**Task directions**.
Your task is to transcribe the entries below exactly, beginning with the line containing "this 1904×1428 image." and ending with the final line, and to add nothing else.

**Supplied material**.
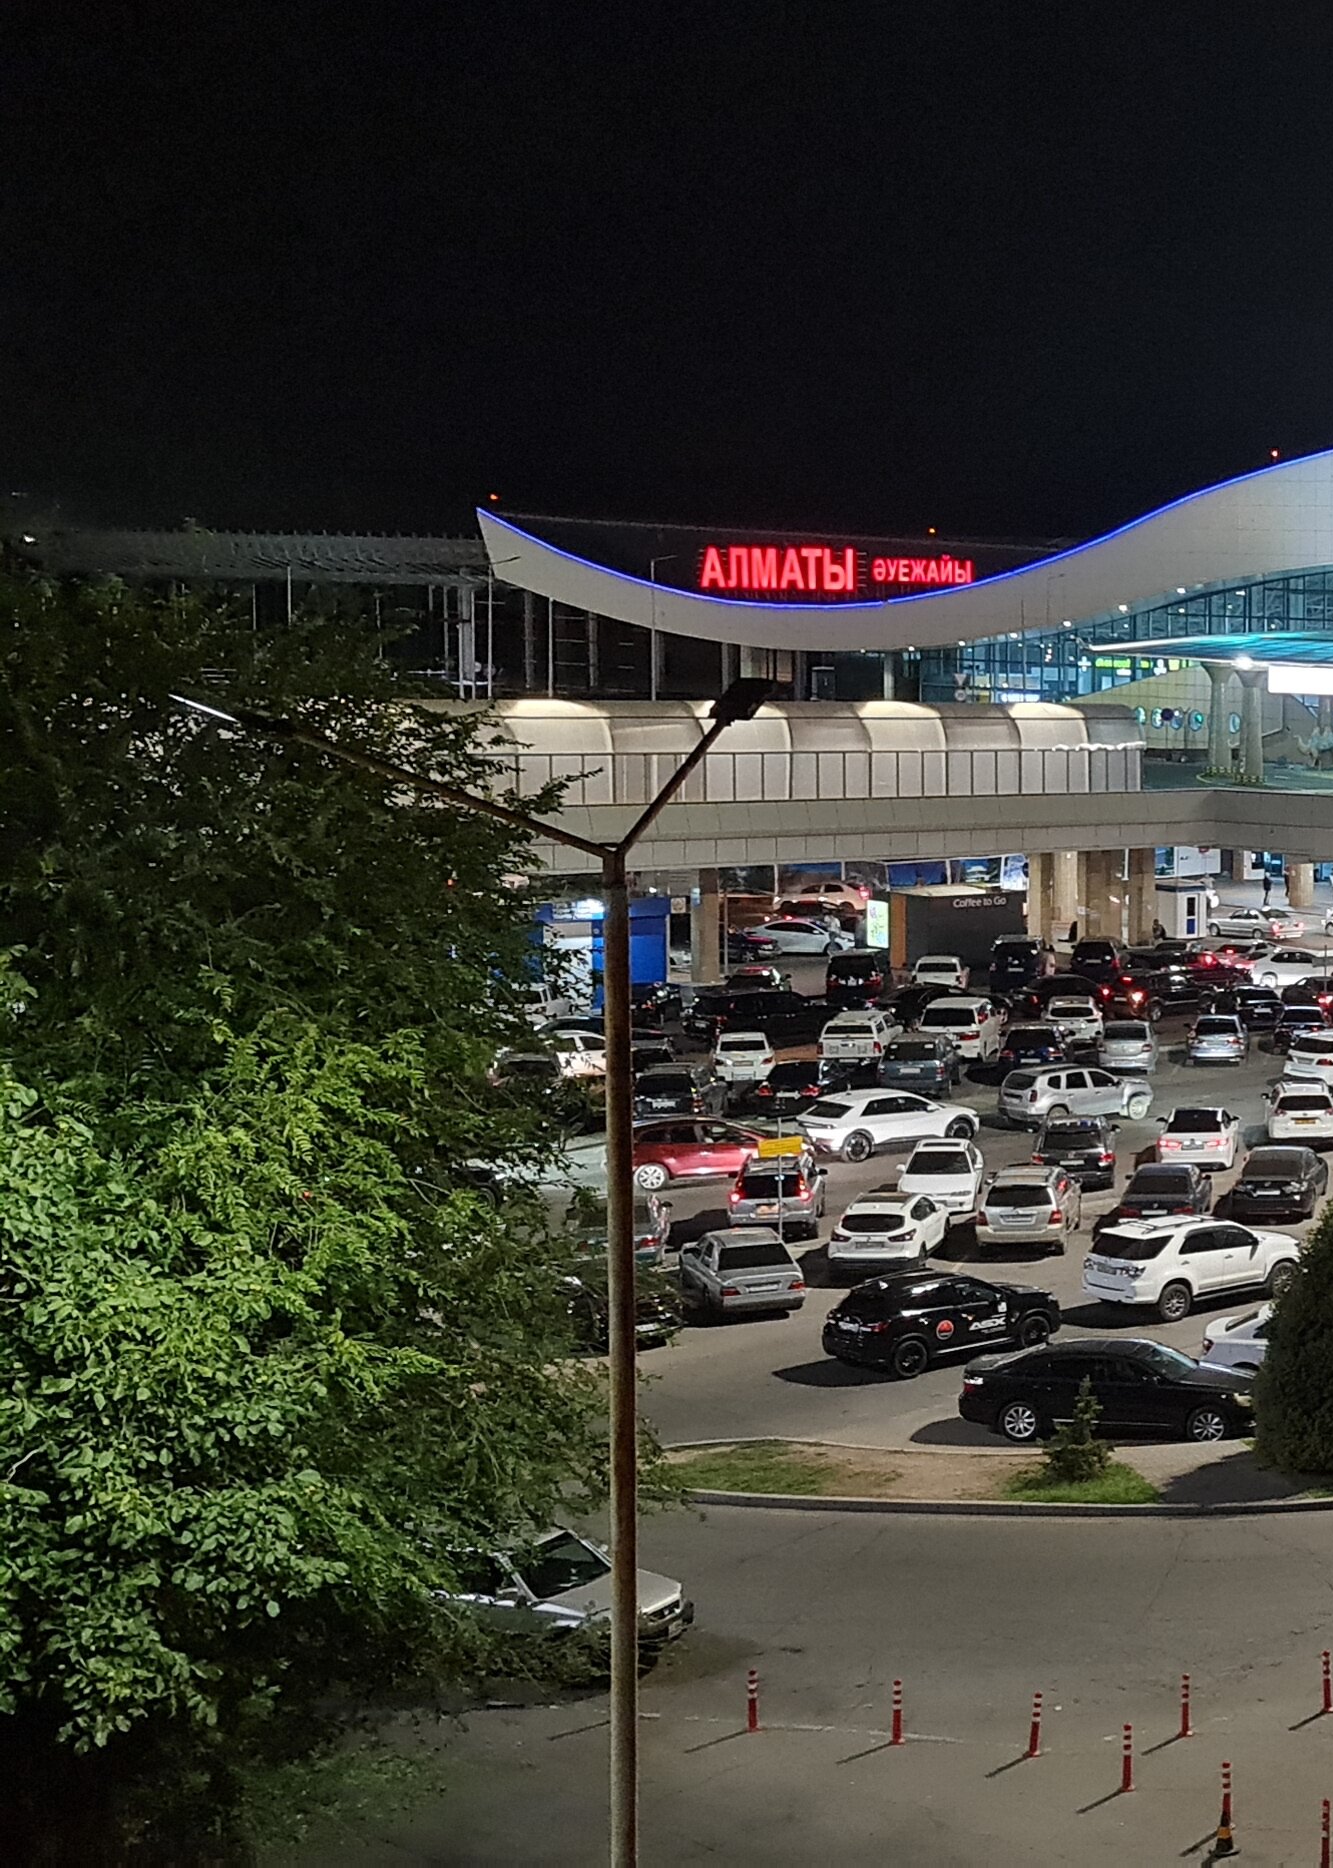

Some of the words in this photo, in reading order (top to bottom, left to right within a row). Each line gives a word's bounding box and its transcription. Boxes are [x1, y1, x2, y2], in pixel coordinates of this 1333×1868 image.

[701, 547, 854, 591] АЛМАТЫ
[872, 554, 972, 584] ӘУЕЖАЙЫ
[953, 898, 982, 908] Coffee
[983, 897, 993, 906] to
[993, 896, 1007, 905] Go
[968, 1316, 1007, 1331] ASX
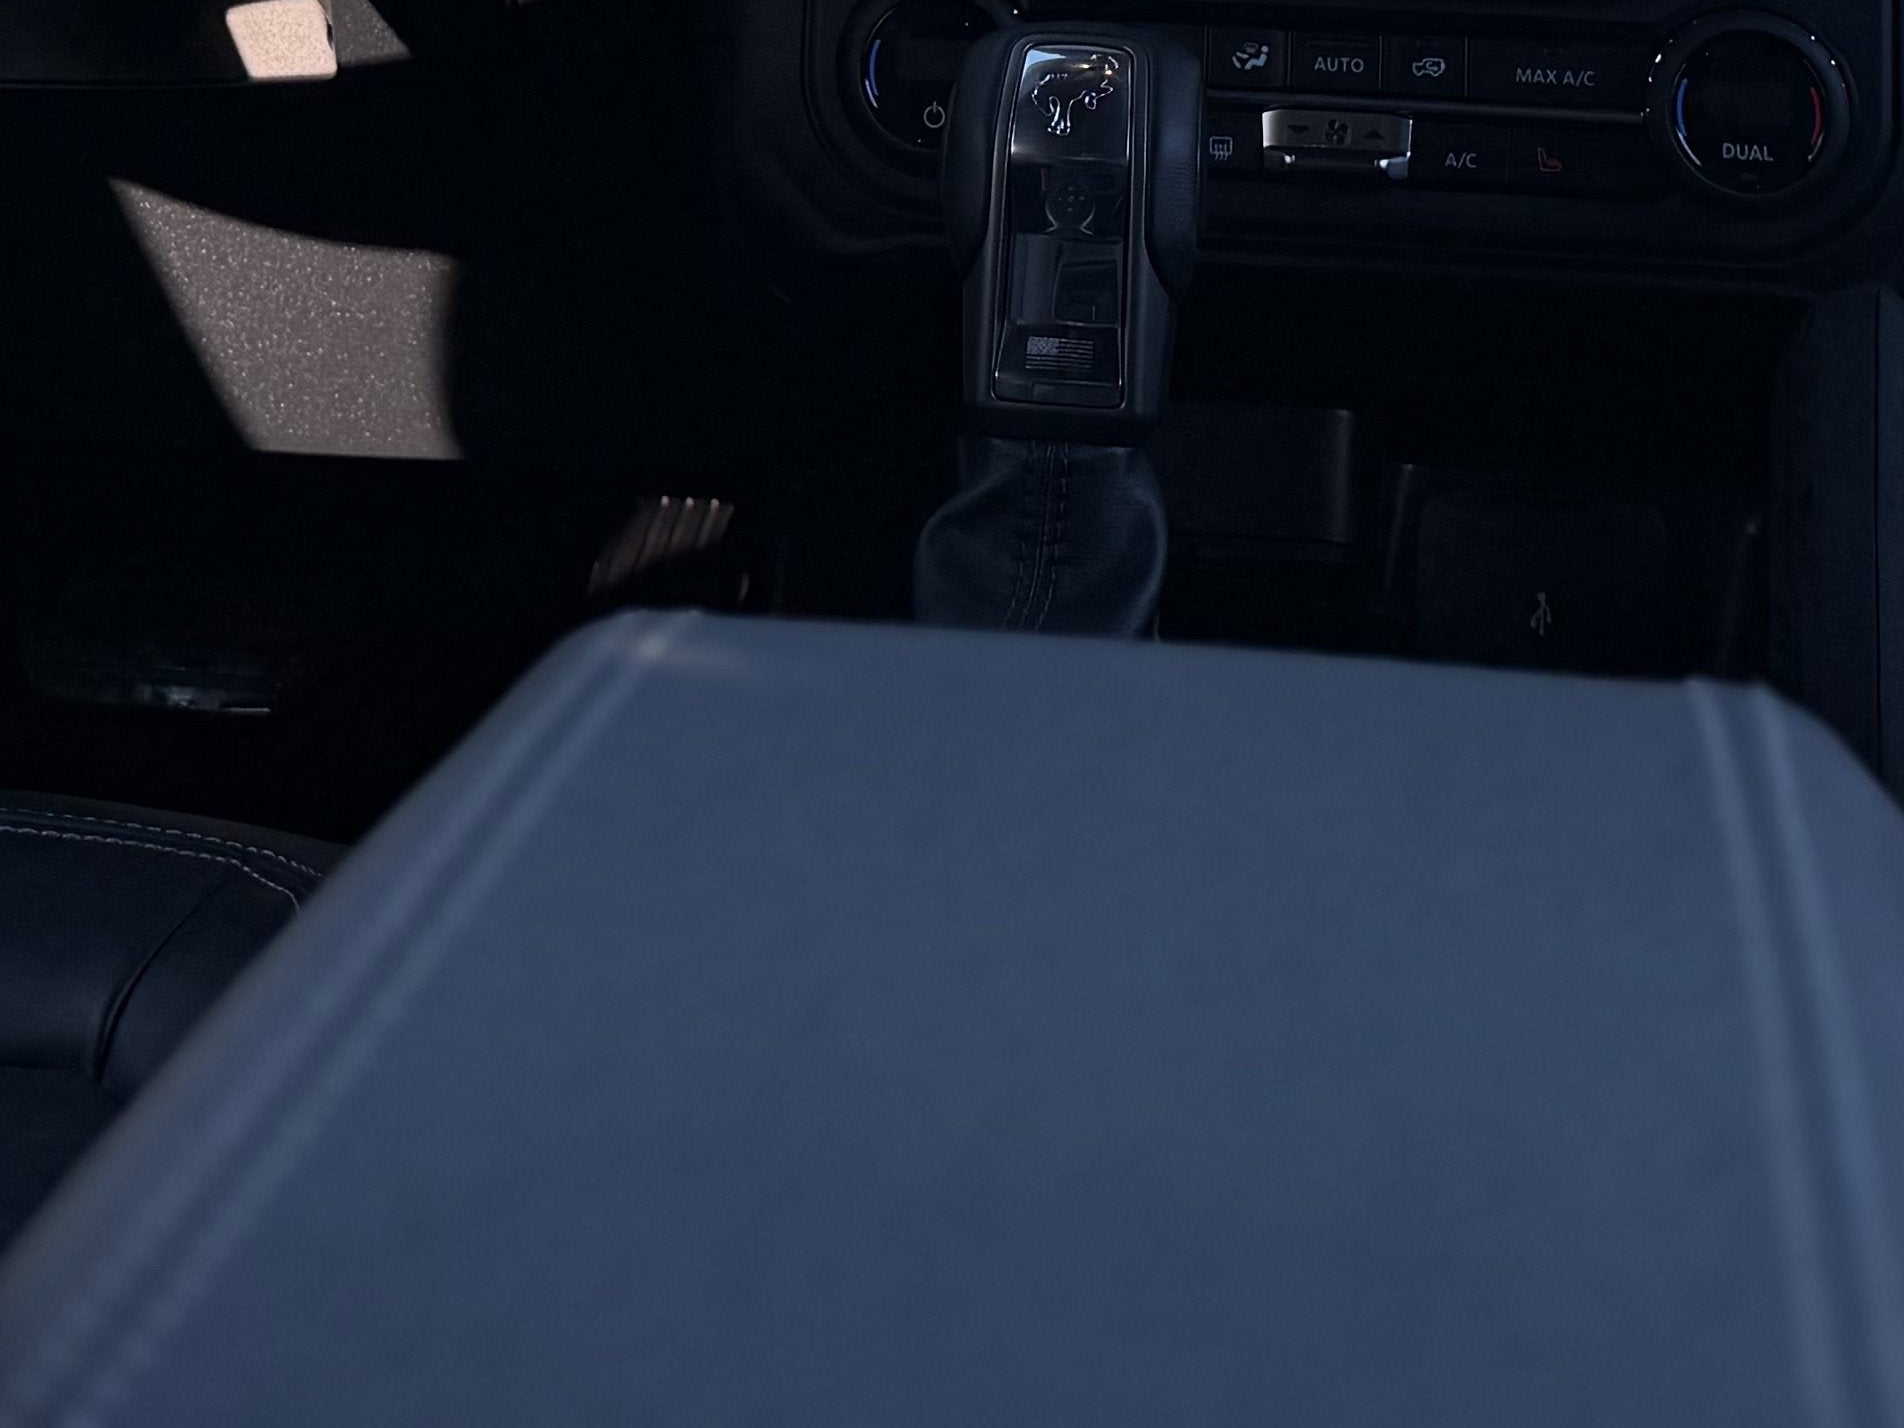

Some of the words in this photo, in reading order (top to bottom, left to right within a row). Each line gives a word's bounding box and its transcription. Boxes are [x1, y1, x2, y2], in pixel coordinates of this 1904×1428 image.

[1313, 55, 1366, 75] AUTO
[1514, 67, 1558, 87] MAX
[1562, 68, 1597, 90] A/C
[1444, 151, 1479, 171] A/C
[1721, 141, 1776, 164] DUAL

**Output for this exercise**.
Some of the words in this photo, in reading order (top to bottom, left to right within a row). Each line gives a word's bounding box and its transcription. Boxes are [x1, y1, x2, y2], in pixel coordinates of this 1904×1428 image.

[1313, 55, 1366, 75] AUTO
[1514, 67, 1558, 87] MAX
[1562, 68, 1597, 90] A/C
[1444, 151, 1479, 171] A/C
[1721, 141, 1776, 164] DUAL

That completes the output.